(Working data begins)

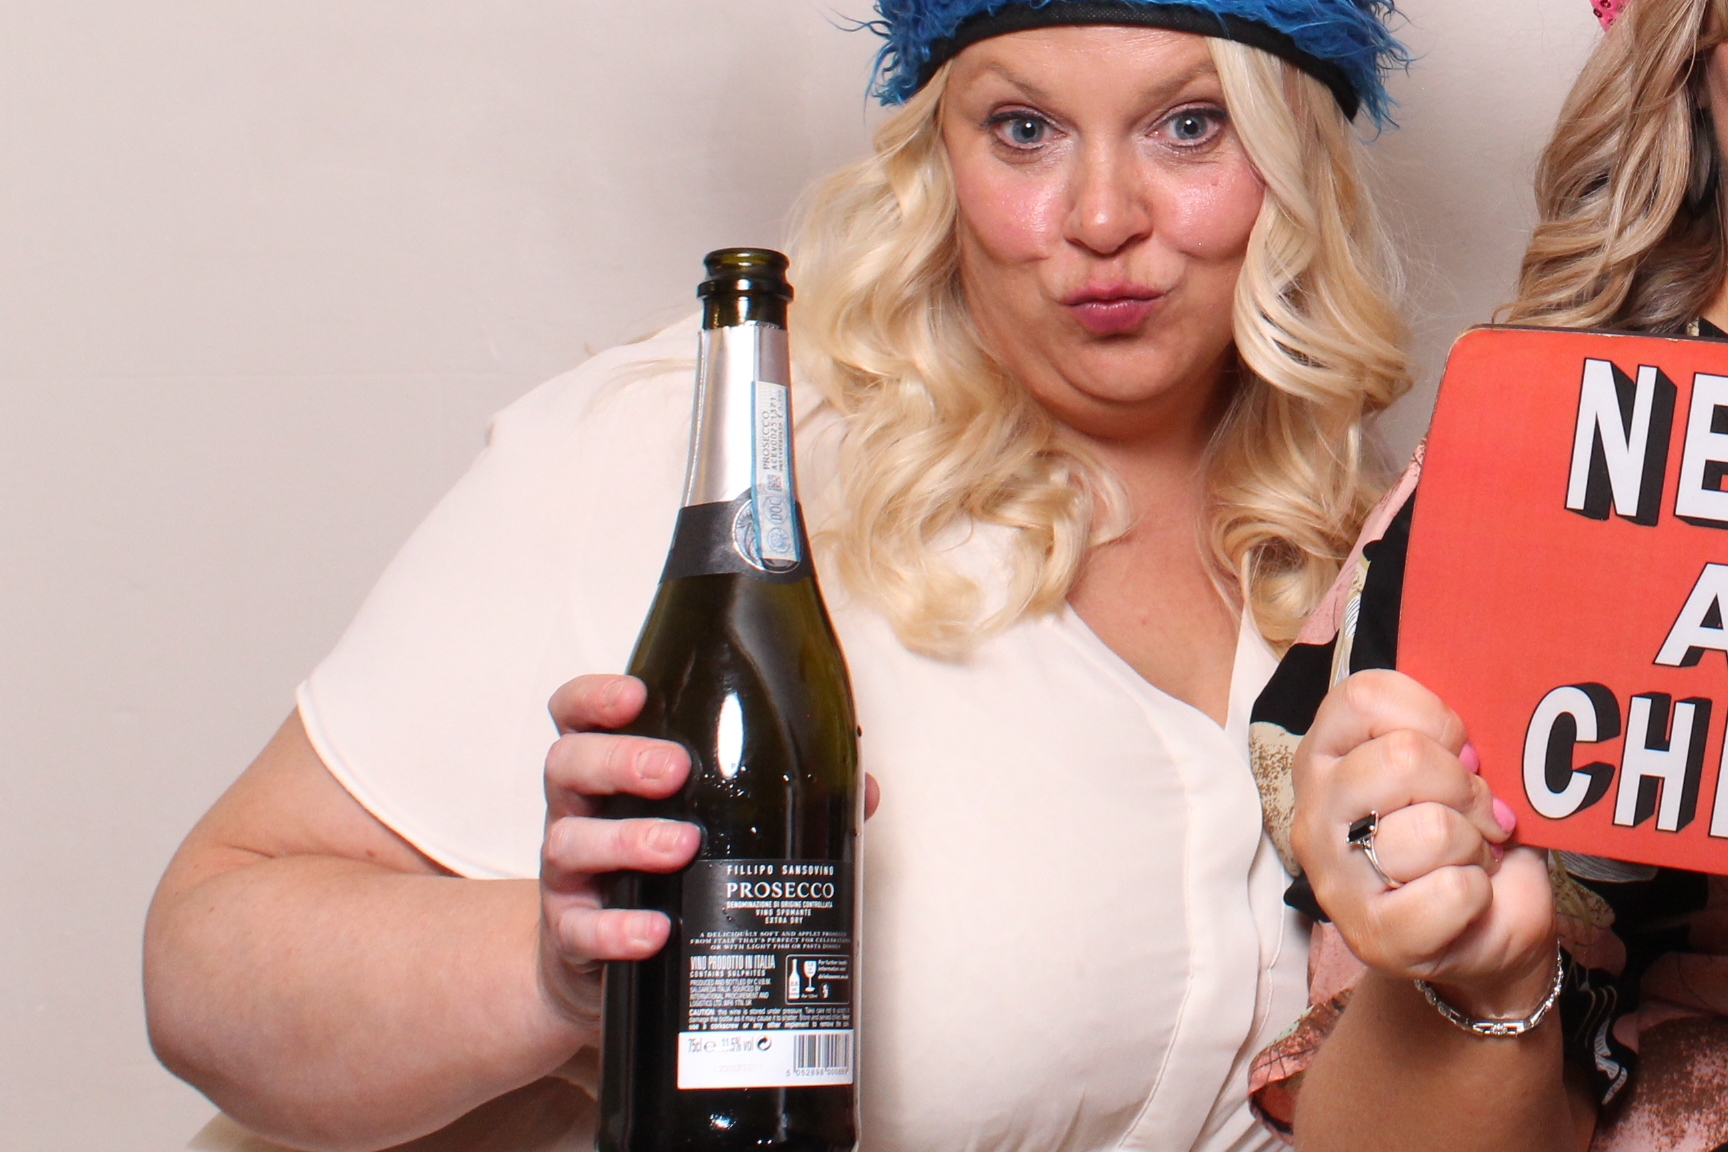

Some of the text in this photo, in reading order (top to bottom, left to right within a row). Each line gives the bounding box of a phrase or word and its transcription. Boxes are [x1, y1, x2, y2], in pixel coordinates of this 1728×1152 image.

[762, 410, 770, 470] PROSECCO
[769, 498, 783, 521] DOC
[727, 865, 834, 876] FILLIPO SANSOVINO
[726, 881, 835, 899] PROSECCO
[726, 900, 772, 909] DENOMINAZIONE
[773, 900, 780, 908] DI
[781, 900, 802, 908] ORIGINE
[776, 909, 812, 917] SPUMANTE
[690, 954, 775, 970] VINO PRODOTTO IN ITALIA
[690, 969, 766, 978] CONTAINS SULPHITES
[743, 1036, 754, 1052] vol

(Working data ends)

● **Task item**:
Only the records, copied exactly and without pictures, should make up the answer.

● **Solution for this problem**:
Some of the text in this photo, in reading order (top to bottom, left to right within a row). Each line gives the bounding box of a phrase or word and its transcription. Boxes are [x1, y1, x2, y2], in pixel coordinates of this 1728×1152 image.

[762, 410, 770, 470] PROSECCO
[769, 498, 783, 521] DOC
[727, 865, 834, 876] FILLIPO SANSOVINO
[726, 881, 835, 899] PROSECCO
[726, 900, 772, 909] DENOMINAZIONE
[773, 900, 780, 908] DI
[781, 900, 802, 908] ORIGINE
[776, 909, 812, 917] SPUMANTE
[690, 954, 775, 970] VINO PRODOTTO IN ITALIA
[690, 969, 766, 978] CONTAINS SULPHITES
[743, 1036, 754, 1052] vol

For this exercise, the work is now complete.